▸ **WHAT TO DO**: With the pictures left out, repeat every entry that follows exactly.

▸ **MATERIAL FOR THE TASK**:
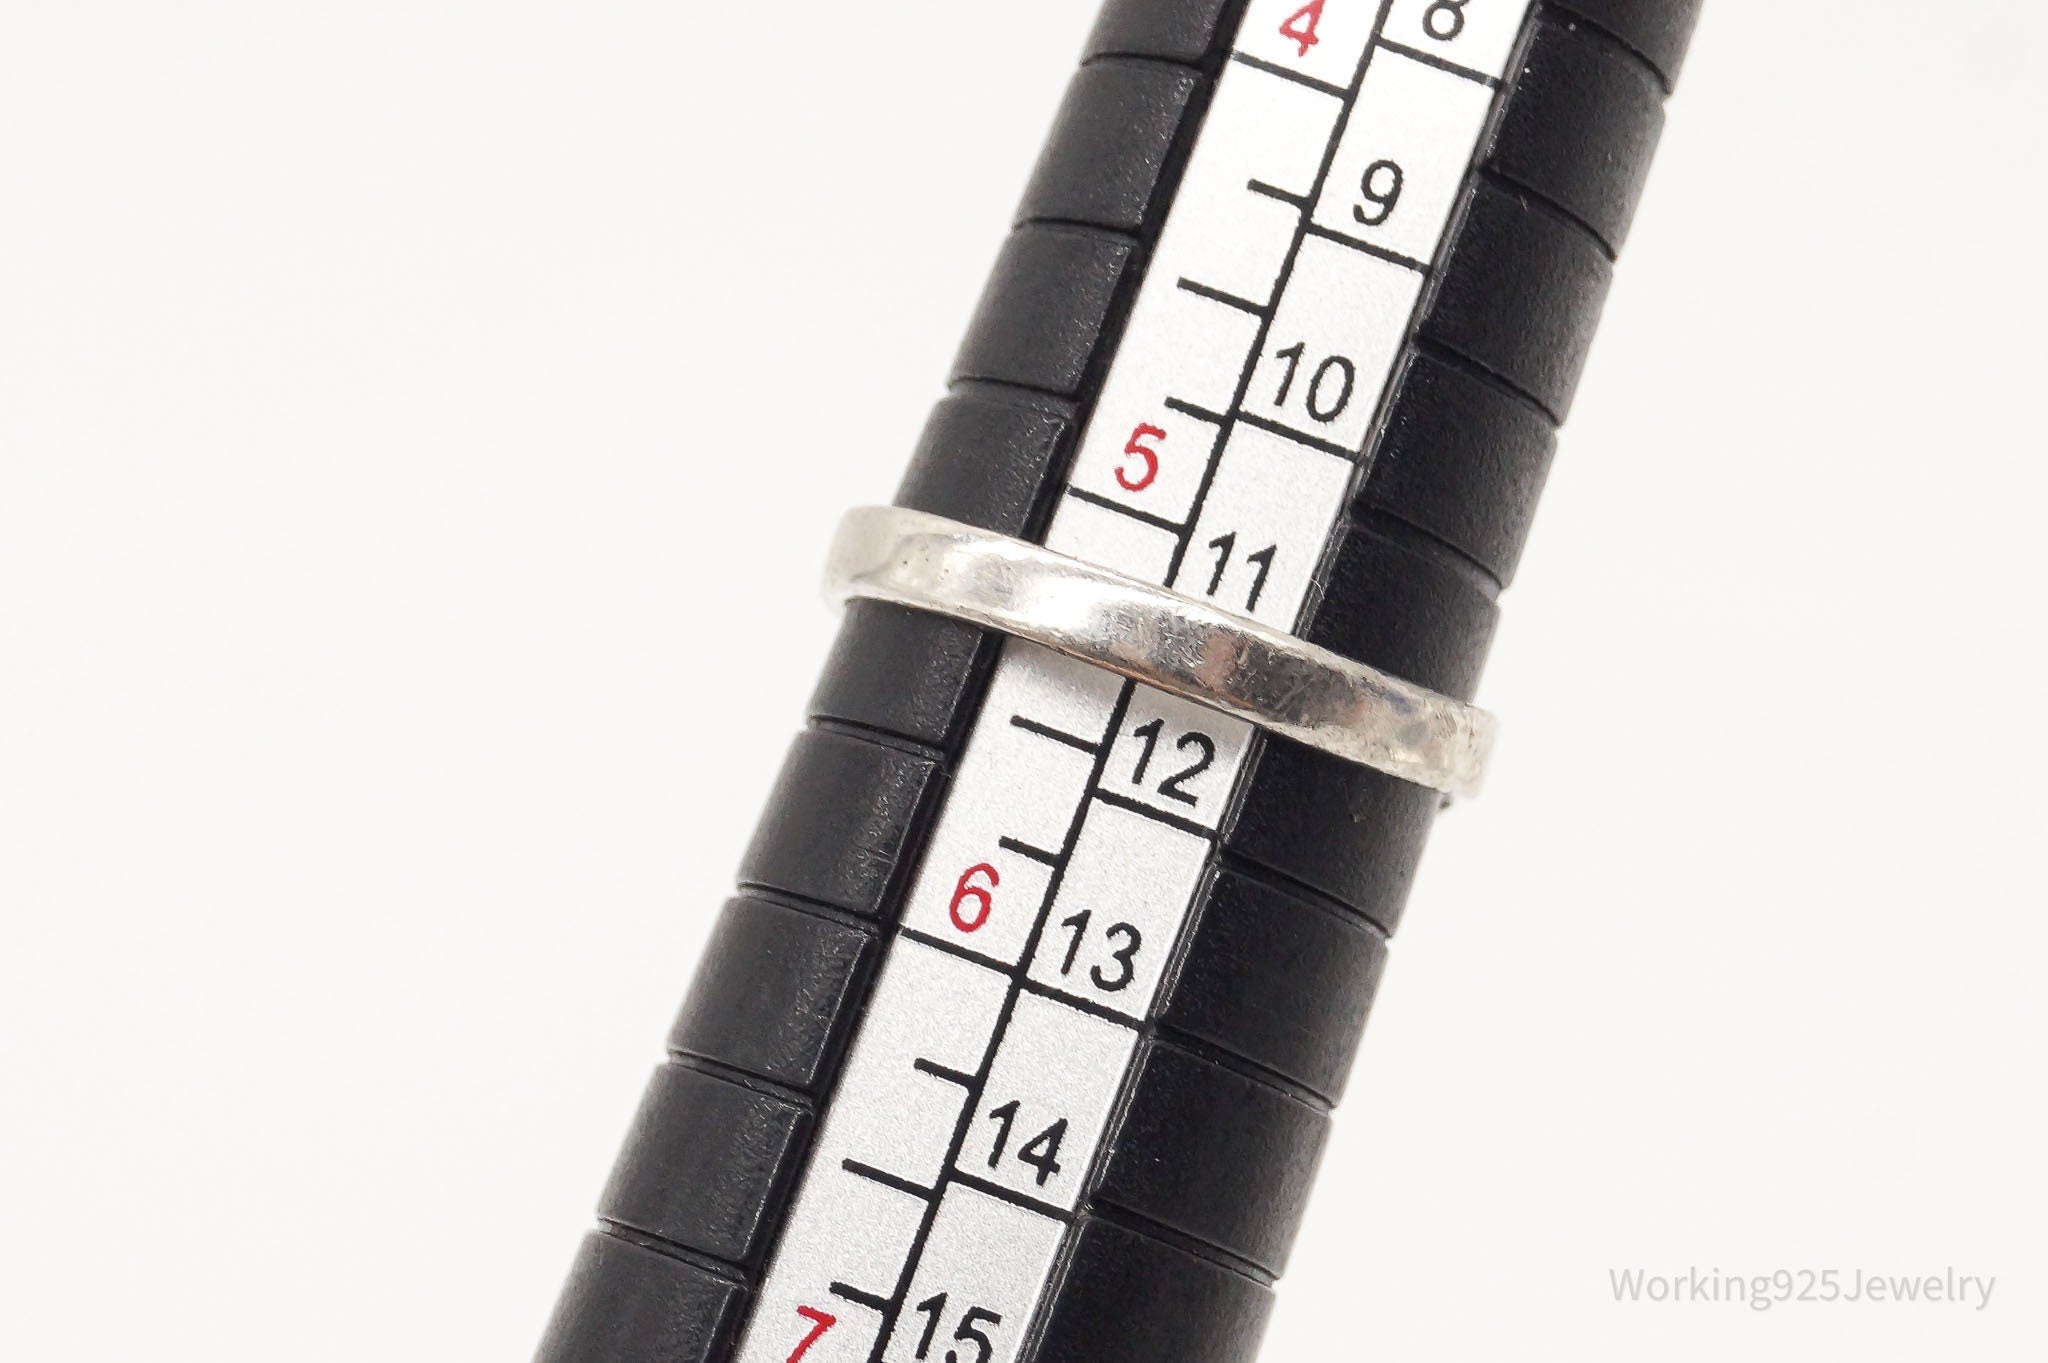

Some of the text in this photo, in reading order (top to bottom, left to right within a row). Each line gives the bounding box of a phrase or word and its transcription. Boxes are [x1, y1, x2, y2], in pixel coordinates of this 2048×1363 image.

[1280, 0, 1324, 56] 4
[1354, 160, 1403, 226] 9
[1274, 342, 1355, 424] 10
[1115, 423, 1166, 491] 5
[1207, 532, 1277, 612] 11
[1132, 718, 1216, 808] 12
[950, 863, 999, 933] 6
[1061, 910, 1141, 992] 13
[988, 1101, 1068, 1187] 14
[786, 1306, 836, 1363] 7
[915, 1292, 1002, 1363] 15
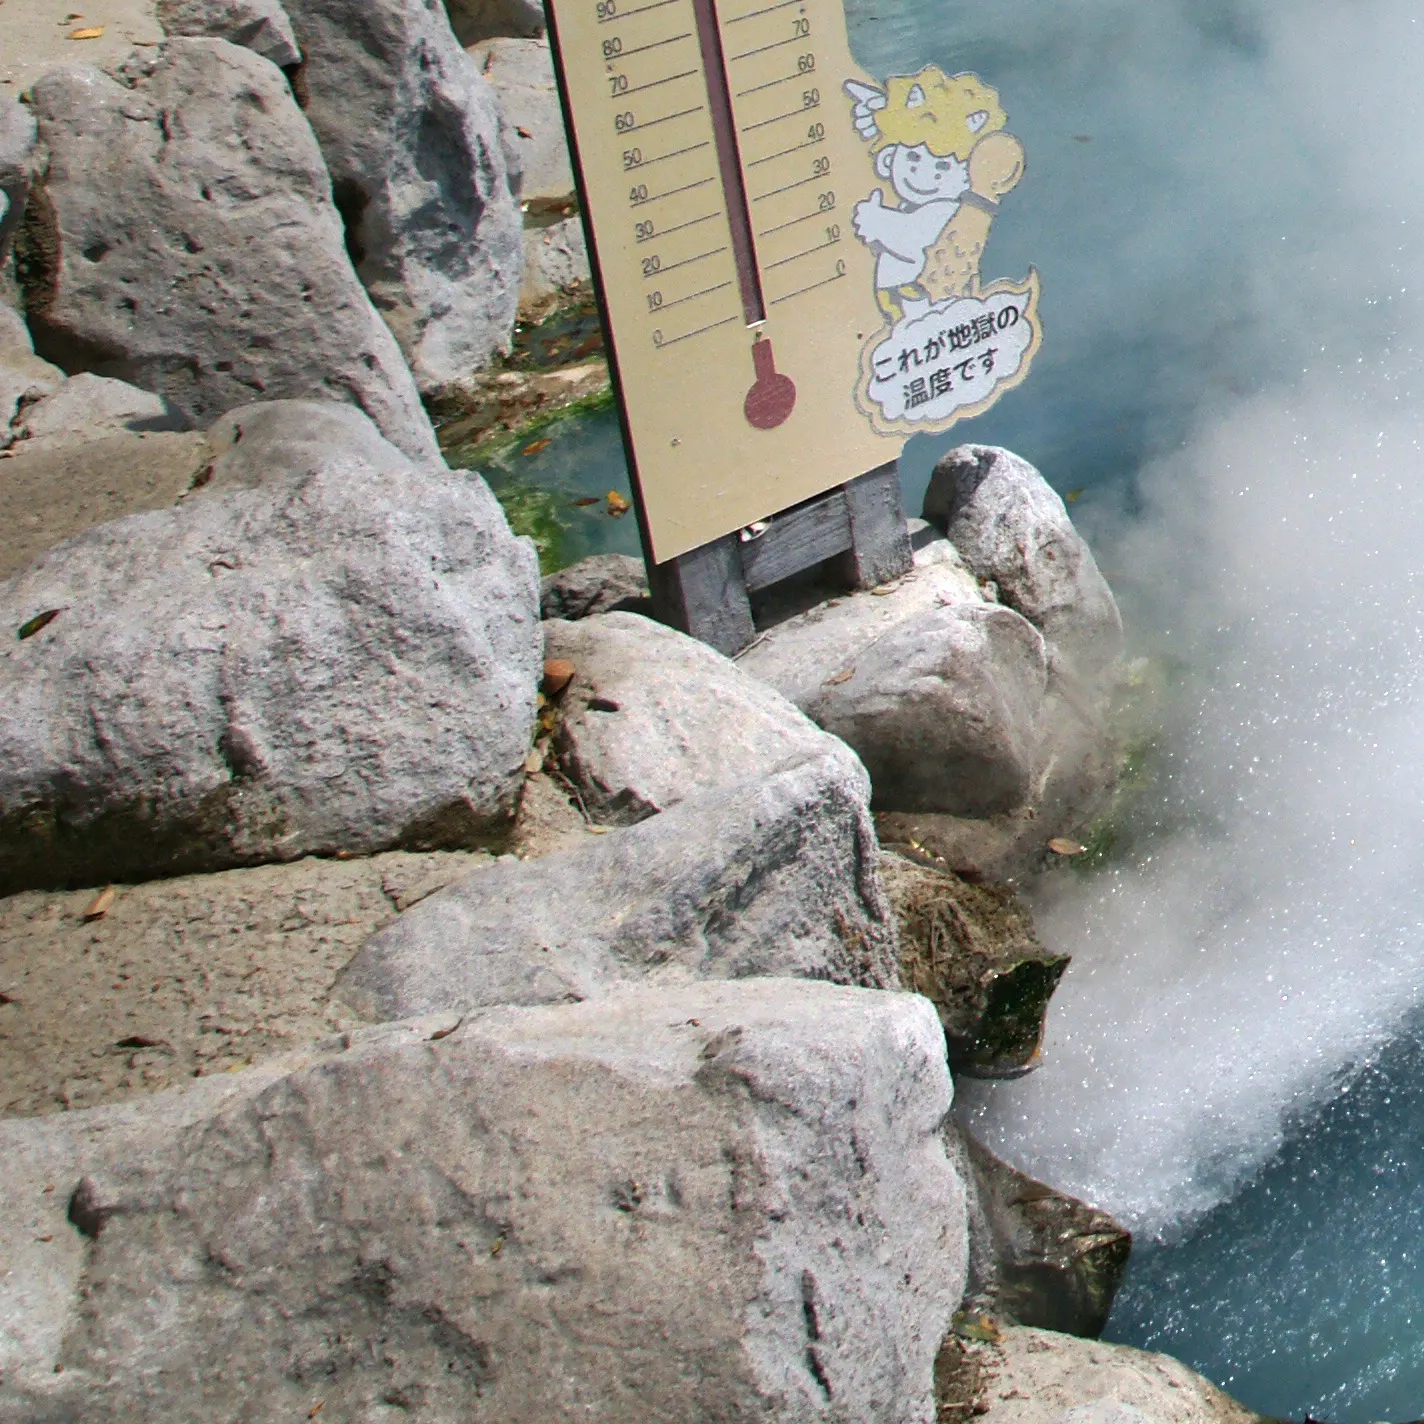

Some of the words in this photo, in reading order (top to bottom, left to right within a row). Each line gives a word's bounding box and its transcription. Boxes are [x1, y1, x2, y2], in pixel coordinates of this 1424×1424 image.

▸ **REPLY TO THE EXERCISE**:
Some of the text in this photo, in reading order (top to bottom, left to right within a row). Each line gives the bounding box of a phrase or word and its transcription. Boxes are [x1, y1, x2, y2], in pixel coordinates of this 2048×1363 image.

[1280, 0, 1324, 56] 4
[1354, 160, 1403, 226] 9
[1274, 342, 1355, 424] 10
[1115, 423, 1166, 491] 5
[1207, 532, 1277, 612] 11
[1132, 718, 1216, 808] 12
[950, 863, 999, 933] 6
[1061, 910, 1141, 992] 13
[988, 1101, 1068, 1187] 14
[786, 1306, 836, 1363] 7
[915, 1292, 1002, 1363] 15

Some of the words in this photo, in reading order (top to bottom, left to right within a row). Each line gives a word's bounding box and its transcription. Boxes are [x1, y1, x2, y2], in pixel coordinates of this 1424×1424 image.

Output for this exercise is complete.